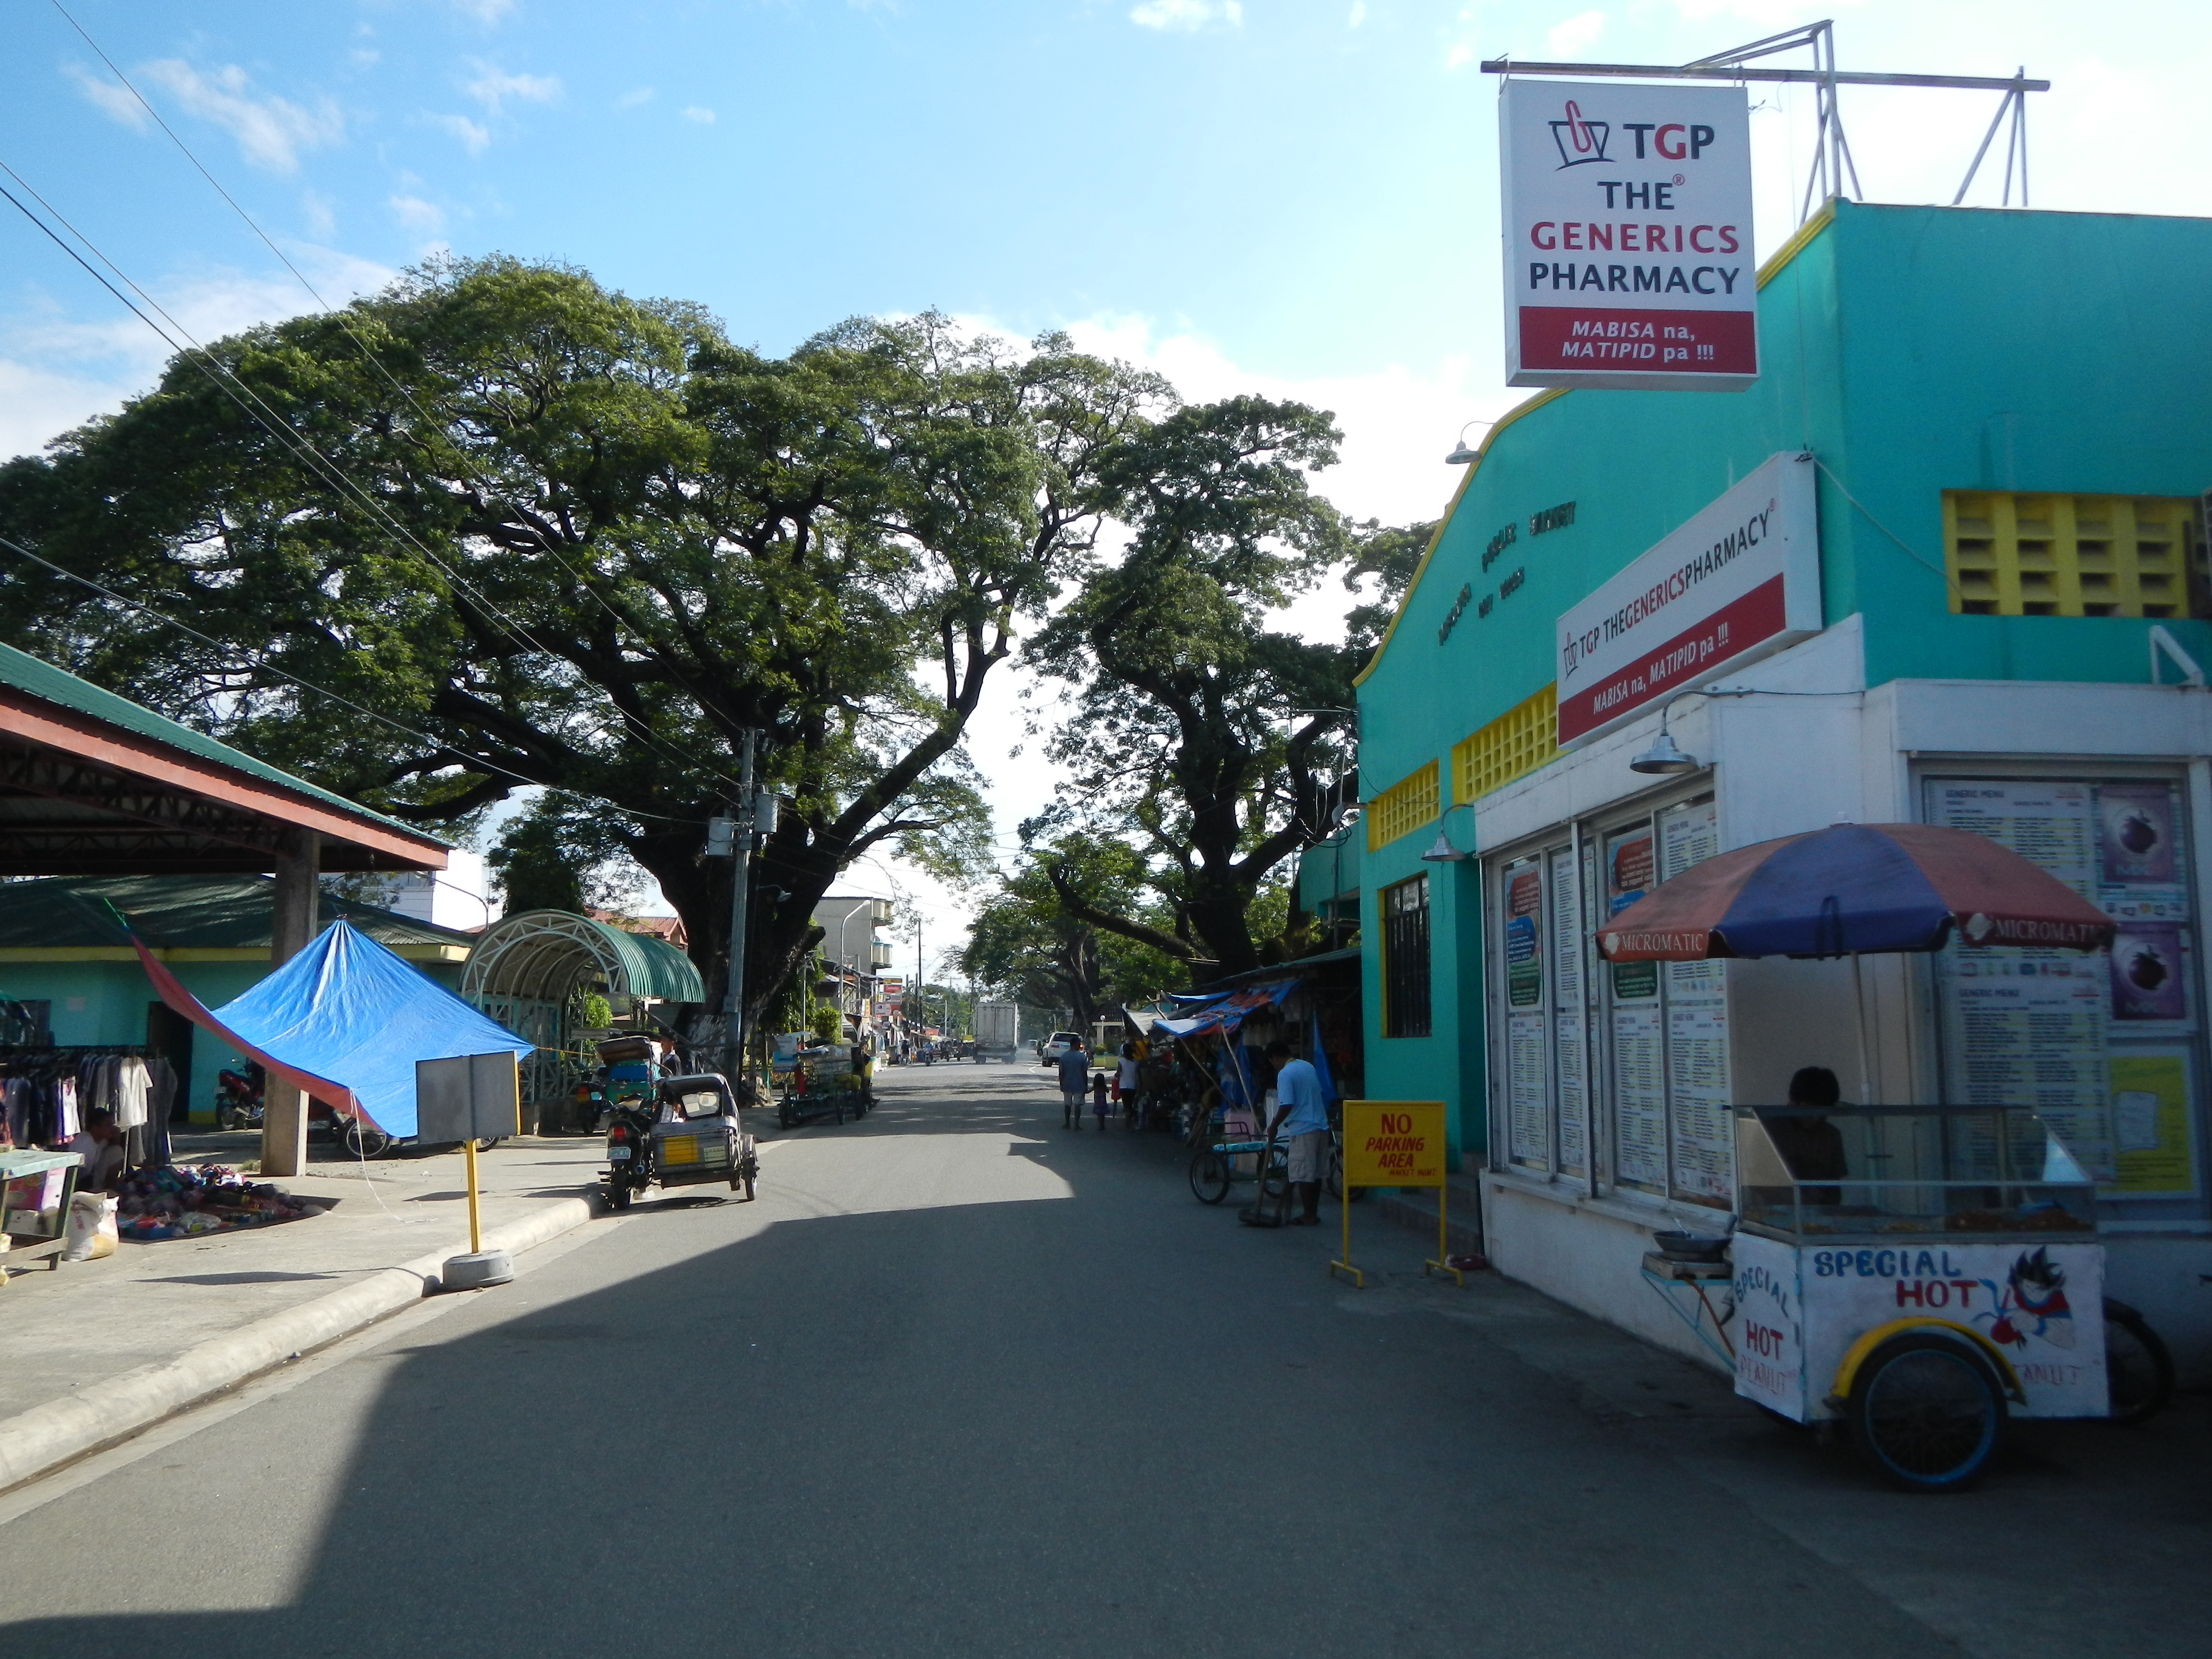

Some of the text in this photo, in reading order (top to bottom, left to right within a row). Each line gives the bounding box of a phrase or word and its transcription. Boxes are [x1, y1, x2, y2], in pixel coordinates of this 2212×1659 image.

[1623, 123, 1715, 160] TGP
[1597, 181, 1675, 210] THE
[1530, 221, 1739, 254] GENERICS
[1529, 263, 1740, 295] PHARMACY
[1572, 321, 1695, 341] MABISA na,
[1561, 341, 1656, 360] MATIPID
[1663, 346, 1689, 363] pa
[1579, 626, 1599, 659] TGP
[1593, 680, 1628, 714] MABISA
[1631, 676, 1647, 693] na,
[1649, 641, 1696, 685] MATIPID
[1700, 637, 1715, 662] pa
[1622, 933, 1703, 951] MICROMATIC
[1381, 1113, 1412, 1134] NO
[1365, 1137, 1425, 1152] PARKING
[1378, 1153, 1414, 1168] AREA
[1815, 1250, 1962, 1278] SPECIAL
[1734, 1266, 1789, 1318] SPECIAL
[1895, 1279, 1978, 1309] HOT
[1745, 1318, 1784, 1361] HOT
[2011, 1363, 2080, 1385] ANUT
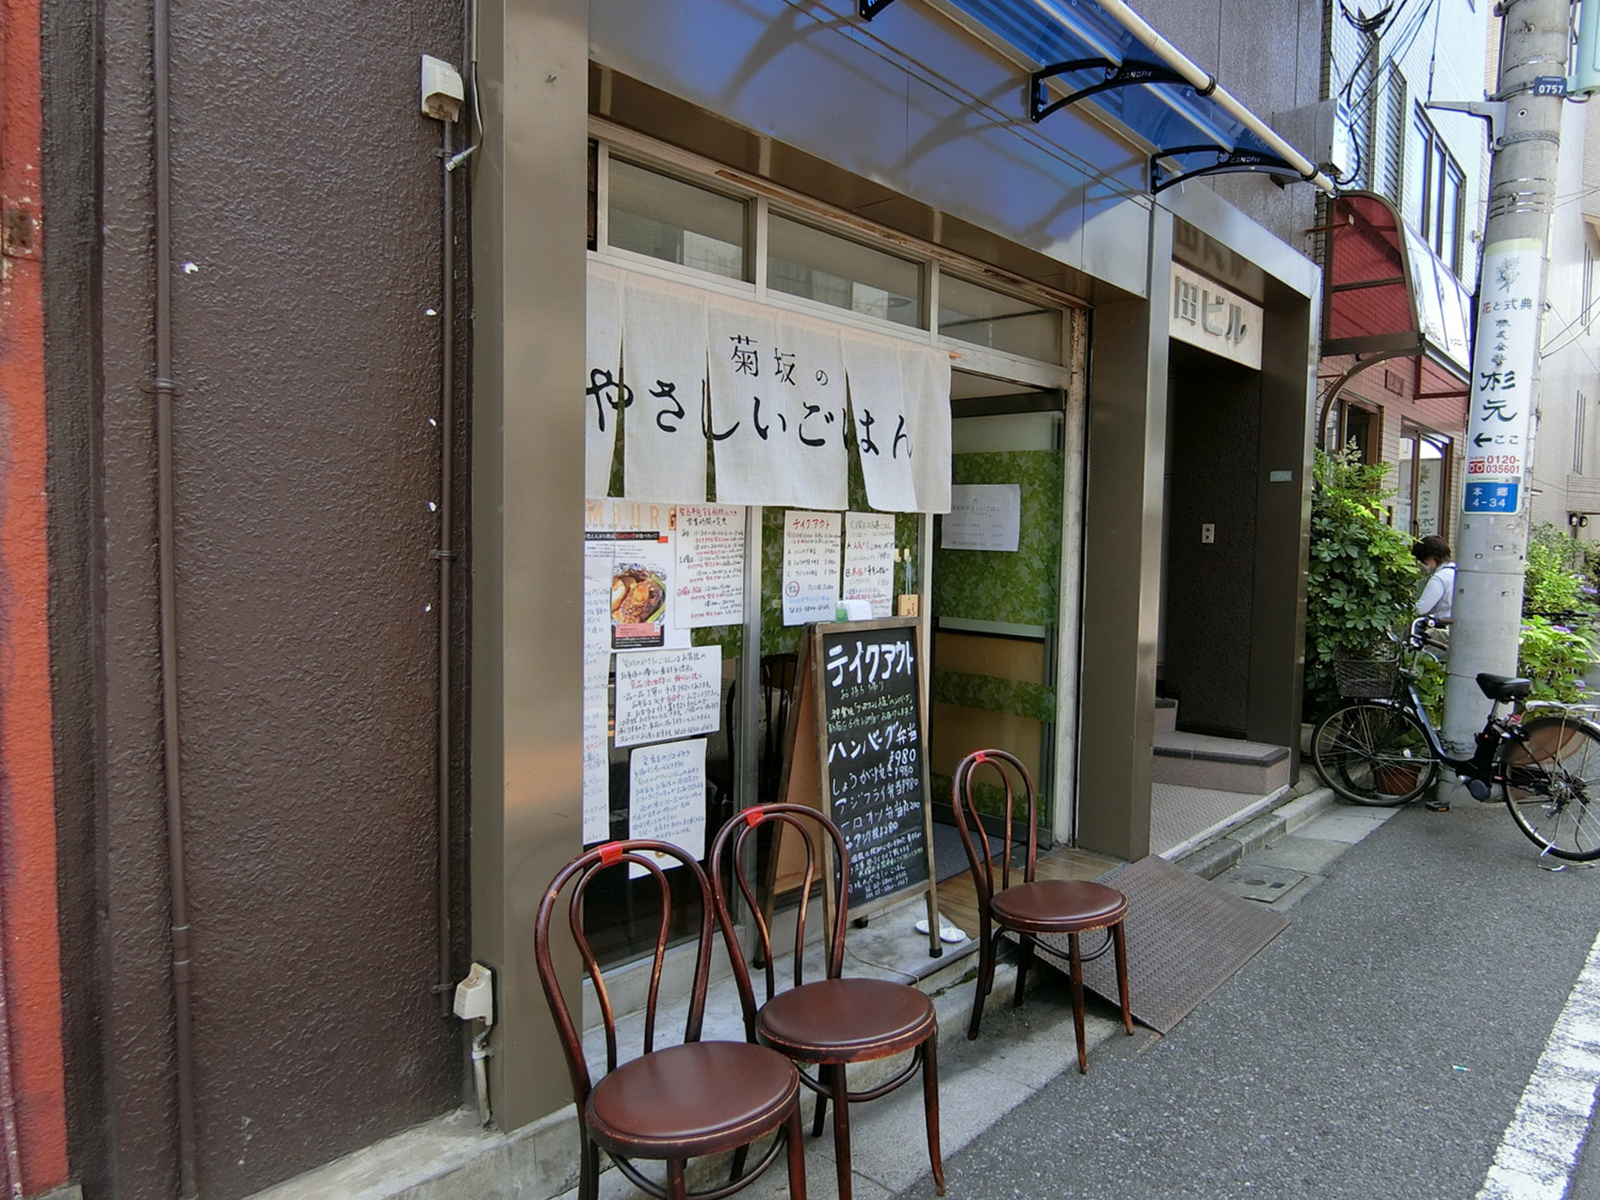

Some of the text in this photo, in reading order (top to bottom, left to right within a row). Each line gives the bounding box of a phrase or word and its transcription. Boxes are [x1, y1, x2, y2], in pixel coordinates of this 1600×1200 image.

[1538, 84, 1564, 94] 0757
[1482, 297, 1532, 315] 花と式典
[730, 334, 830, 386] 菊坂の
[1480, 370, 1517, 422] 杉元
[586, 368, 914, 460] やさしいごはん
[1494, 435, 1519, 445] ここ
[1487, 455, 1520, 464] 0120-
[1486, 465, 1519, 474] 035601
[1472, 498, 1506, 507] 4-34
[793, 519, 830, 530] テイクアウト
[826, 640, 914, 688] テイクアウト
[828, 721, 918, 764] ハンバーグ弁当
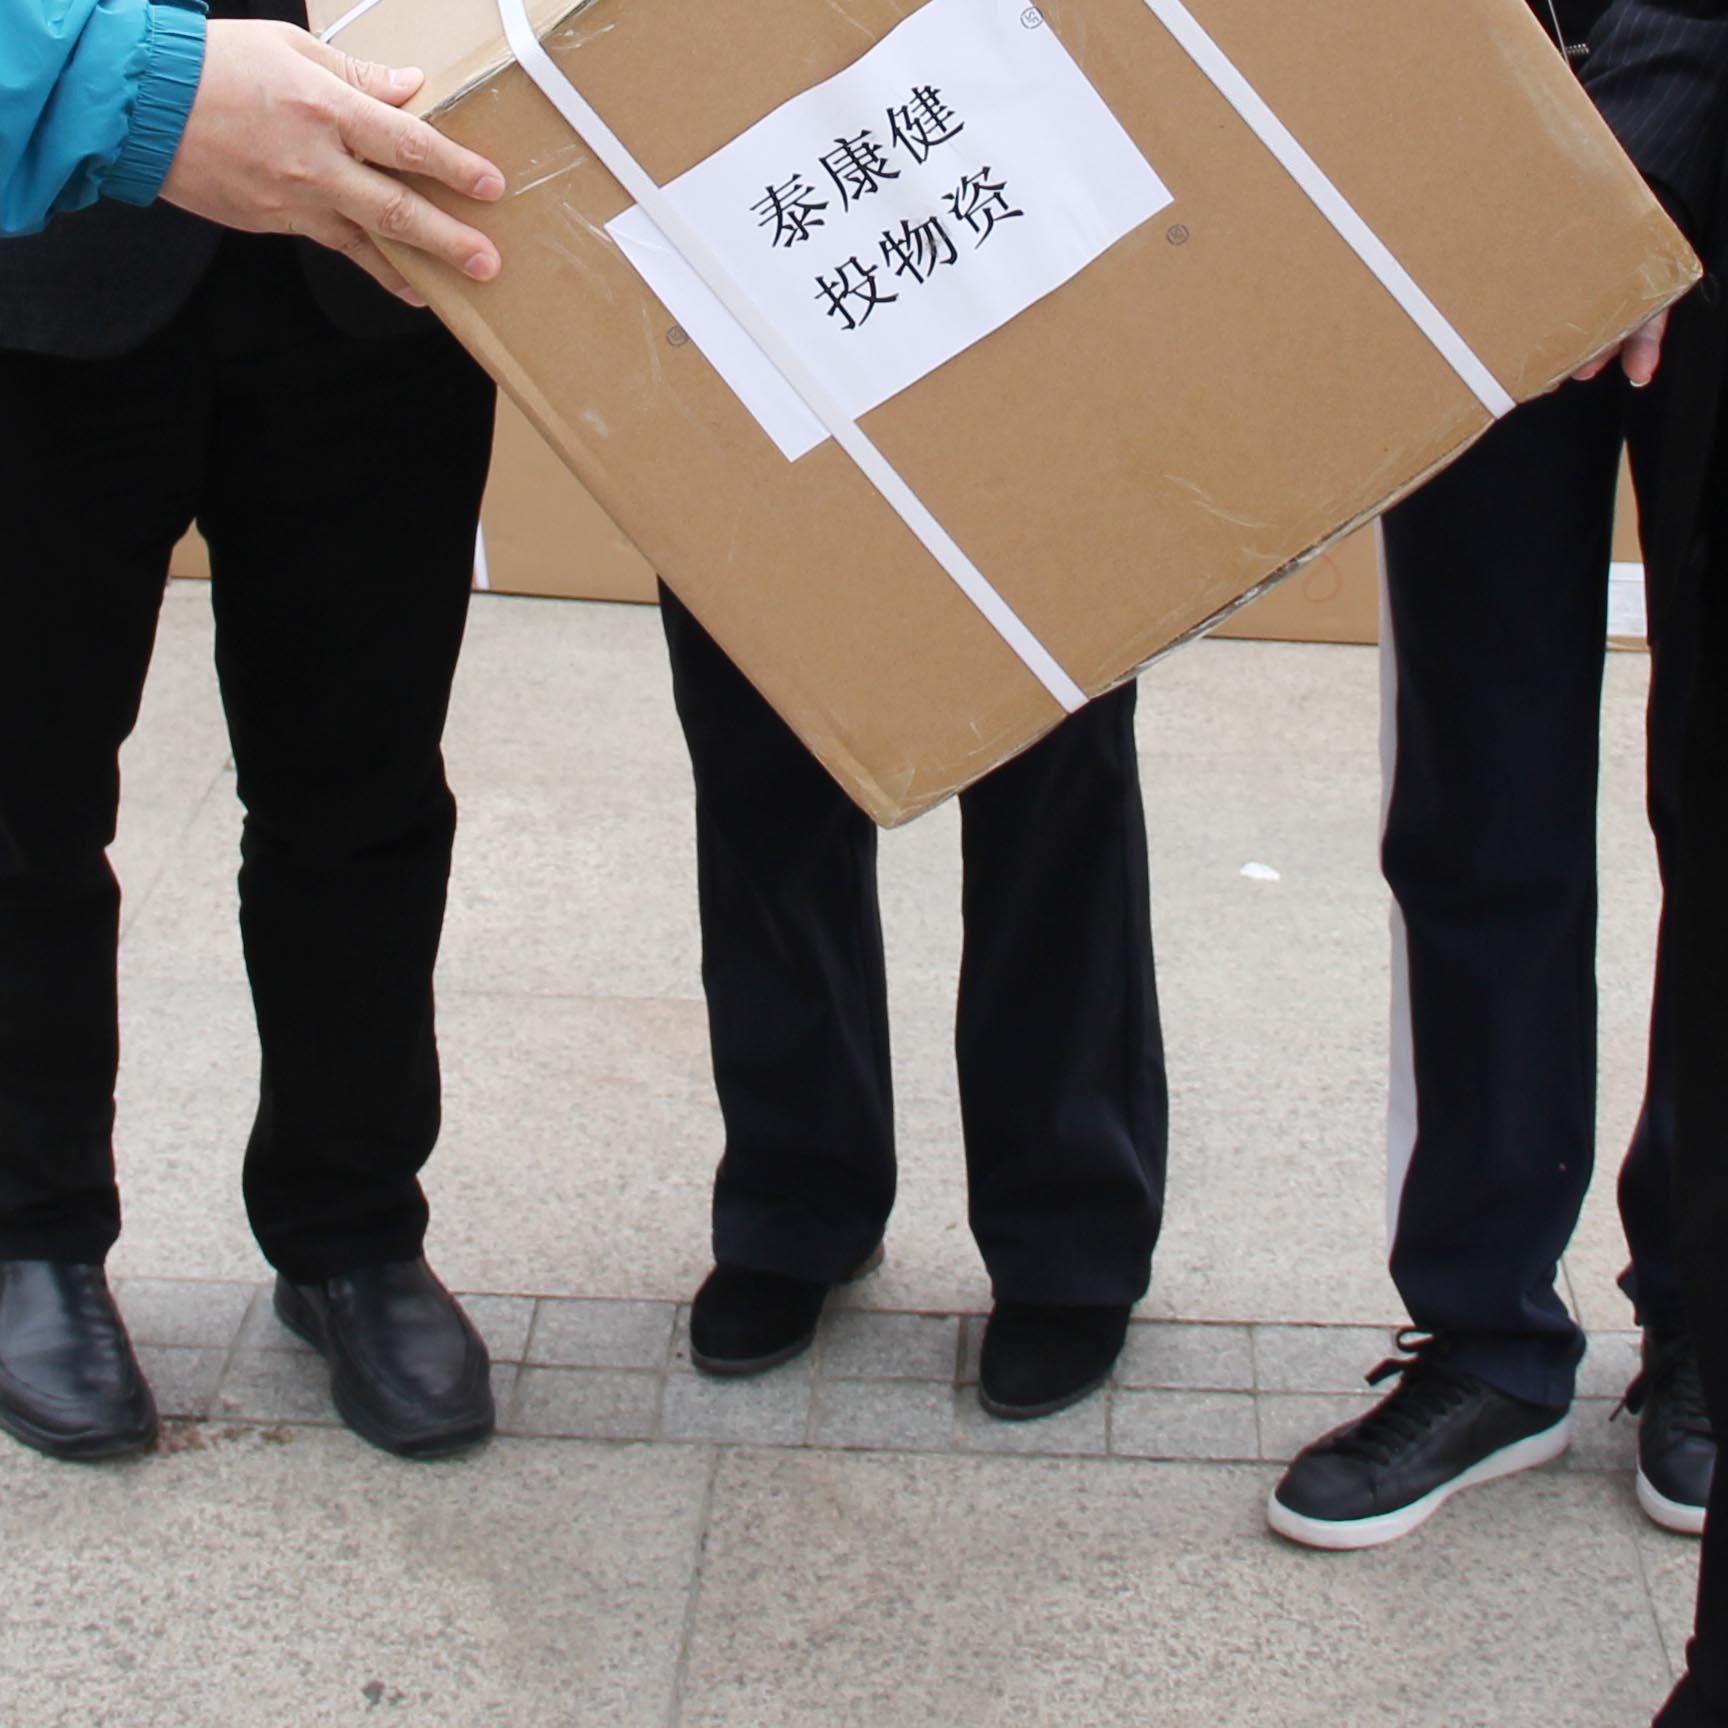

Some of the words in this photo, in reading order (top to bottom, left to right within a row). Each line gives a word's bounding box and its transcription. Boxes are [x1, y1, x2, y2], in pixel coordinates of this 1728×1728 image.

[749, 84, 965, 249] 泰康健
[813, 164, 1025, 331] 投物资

....................

### PROBLEM TO WORK ON:
Copy every record character for character. Skip the pictures.

### OUTPUT OF THE TASK:
Some of the text in this photo, in reading order (top to bottom, left to right within a row). Each line gives the bounding box of a phrase or word and its transcription. Boxes are [x1, y1, x2, y2], in pixel coordinates of this 2212×1659 image.

[1623, 123, 1715, 160] TGP
[1597, 181, 1675, 210] THE
[1530, 221, 1739, 254] GENERICS
[1529, 263, 1740, 295] PHARMACY
[1572, 321, 1695, 341] MABISA na,
[1561, 341, 1656, 360] MATIPID
[1663, 346, 1689, 363] pa
[1579, 626, 1599, 659] TGP
[1593, 680, 1628, 714] MABISA
[1631, 676, 1647, 693] na,
[1649, 641, 1696, 685] MATIPID
[1700, 637, 1715, 662] pa
[1622, 933, 1703, 951] MICROMATIC
[1381, 1113, 1412, 1134] NO
[1365, 1137, 1425, 1152] PARKING
[1378, 1153, 1414, 1168] AREA
[1815, 1250, 1962, 1278] SPECIAL
[1734, 1266, 1789, 1318] SPECIAL
[1895, 1279, 1978, 1309] HOT
[1745, 1318, 1784, 1361] HOT
[2011, 1363, 2080, 1385] ANUT

Some of the text in this photo, in reading order (top to bottom, left to right within a row). Each line gives the bounding box of a phrase or word and its transcription. Boxes are [x1, y1, x2, y2], in pixel coordinates of this 1600×1200 image.

[1538, 84, 1564, 94] 0757
[1482, 297, 1532, 315] 花と式典
[730, 334, 830, 386] 菊坂の
[1480, 370, 1517, 422] 杉元
[586, 368, 914, 460] やさしいごはん
[1494, 435, 1519, 445] ここ
[1487, 455, 1520, 464] 0120-
[1486, 465, 1519, 474] 035601
[1472, 498, 1506, 507] 4-34
[793, 519, 830, 530] テイクアウト
[826, 640, 914, 688] テイクアウト
[828, 721, 918, 764] ハンバーグ弁当

Some of the words in this photo, in reading order (top to bottom, left to right within a row). Each line gives a word's bounding box and its transcription. Boxes are [x1, y1, x2, y2], in pixel coordinates of this 1728×1728 image.

[749, 84, 965, 249] 泰康健
[813, 164, 1025, 331] 投物资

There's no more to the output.